Moguib, Omneya;Raslan, Hala M.;Rasheed, Inas Abdel;Effat, Laila;Mohamed, Nadia;Serougy, Safaa El;Hussein, Ghada;Tawfeek, Salwa;AbdelRahman, Amany H.;Omar, Khalda;
journal of genetic engineering and biotechnology 2017 Vol. 15 pp. 431-436
256
moguib2017endothelialjournal

Abstract

Background: Genetic factors play important role in the development of type 2 diabetes and diabetic nephropathy. Endothelial nitric oxide synthase (eNOS) gene is responsible for the bioavailability of nitric oxide and endothelial function. Aim: To assess the association of the endothelial nitric oxide synthase (eNOS) (T786C and G894T) single nucleotide polymorphisms with Egyptian type 2 diabetes mellitus and diabetic nephropathy. Patients and methods: A total of 200 type 2 diabetic patients and 100 apparently healthy volunteers as controls were included in the study. They were subjected to clinical examination and laboratory tests: fasting blood glucose, HBA1C, lipid profile, serum creatinine, blood urea and albumin creatinine ratio (ACR).
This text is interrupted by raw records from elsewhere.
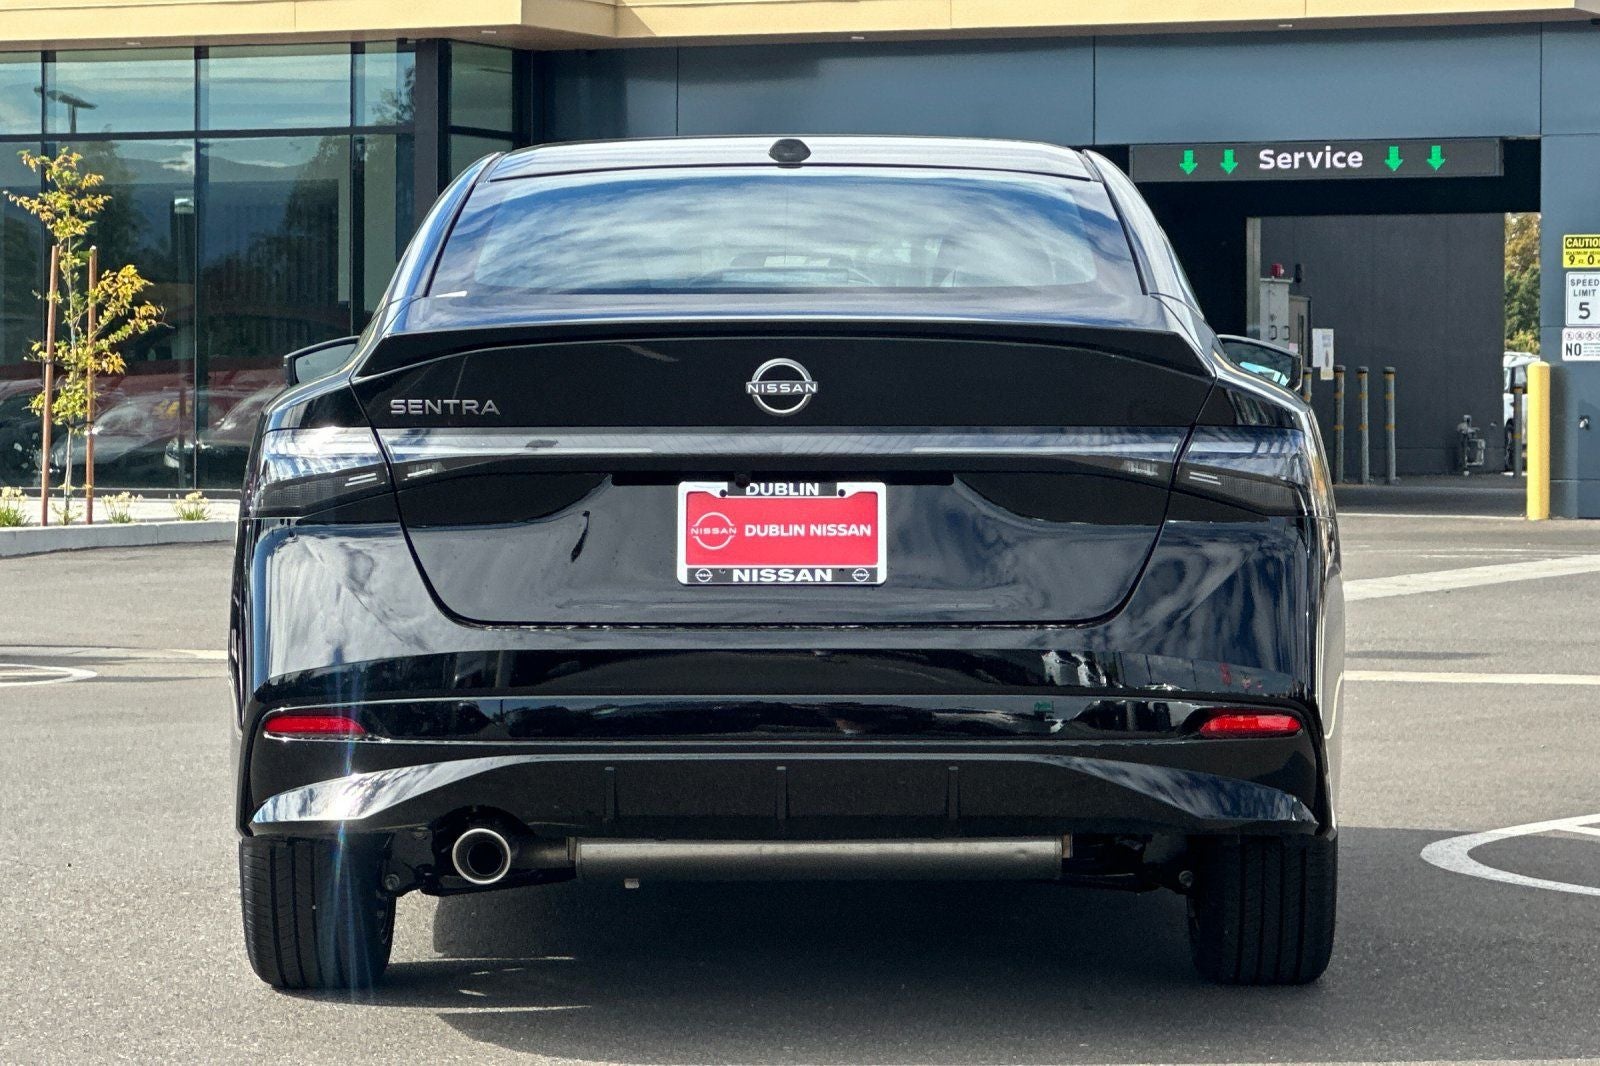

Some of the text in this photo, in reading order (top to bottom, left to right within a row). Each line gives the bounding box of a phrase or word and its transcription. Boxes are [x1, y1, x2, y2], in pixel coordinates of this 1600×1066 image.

[1258, 145, 1363, 170] Service
[1566, 238, 1600, 248] CAUTIO
[1570, 278, 1599, 287] SPEED
[1573, 289, 1596, 297] LIMIT
[1578, 301, 1591, 319] 5
[1565, 342, 1582, 357] NO
[747, 383, 817, 393] NISSAN
[390, 399, 500, 415] SENTRA
[745, 482, 819, 496] DUBLIN
[690, 526, 737, 534] NISSAN
[744, 524, 871, 537] DUBLIN NISSAN
[732, 568, 833, 582] NISSAN
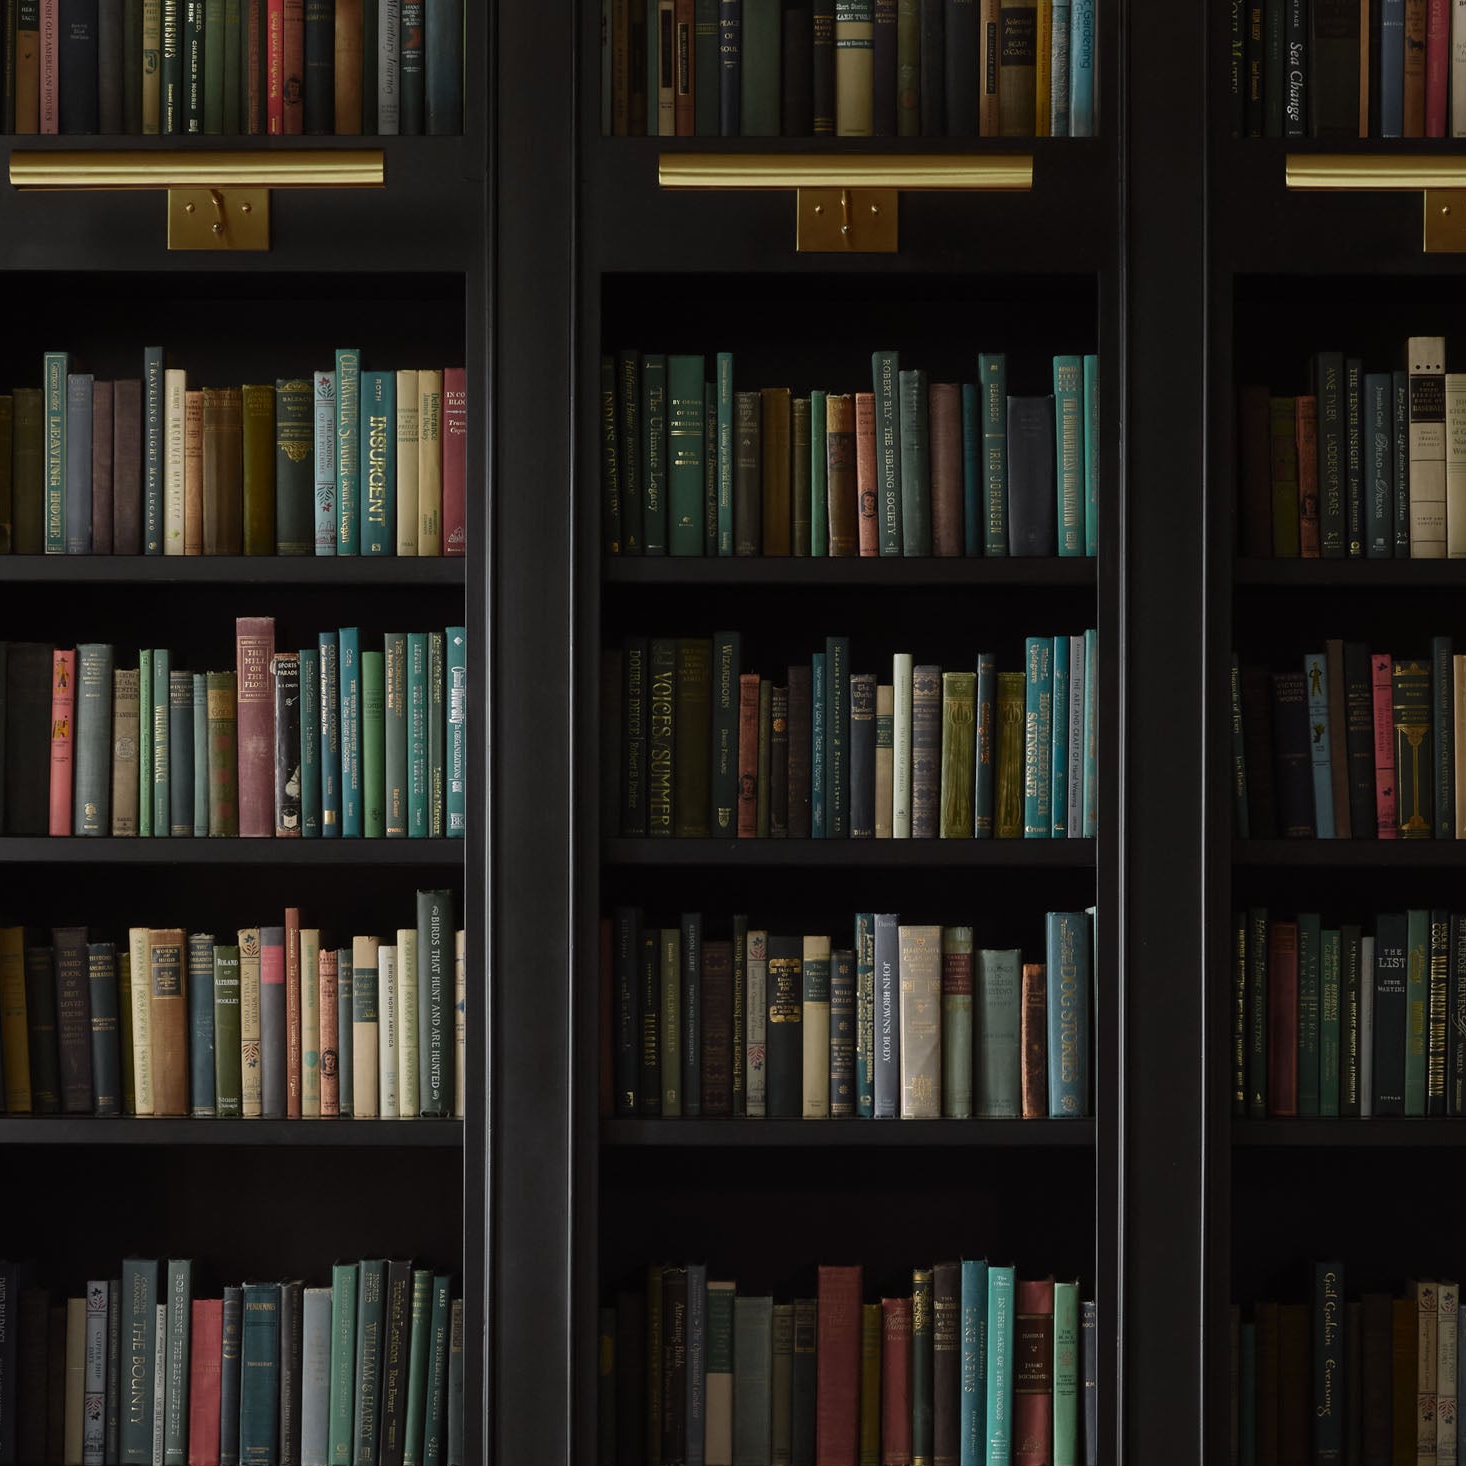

Assessment of the T786C and G894T polymorphisms in the eNOS gene was done using polymerase chain reaction-restriction fragment length polymorphism (PCR-RFLP). Results: There was no significant difference in distribution of eNOS T-786C polymorphism between patients and controls; TT genotype of eNOS G894T was more frequent in diabetic patients with and without albuminuria compared to controls. Patients were divided into 3 groups according to ACR. Normoalbuminuria: 37 patients with ACR ≤ 30 mg/g, microalbuminuria: 96 patients with ACR > 30 mg/g and ≤ 300 mg/g, and macroalbuminuria: 67 patients with ACR > 300 mg/g. There was no significant difference in genotype distribution of eNOS T-786C between the 3 groups of diabetic patients. The prevalence of TT genotype of eNOS G894T was higher in microalbuminuria patients compared to other groups. Conclusion: eNOS G894T variant may increase risk of type 2 diabetes with lack of association between eNOS T786C, eNOS G894T and DN in Egyptians.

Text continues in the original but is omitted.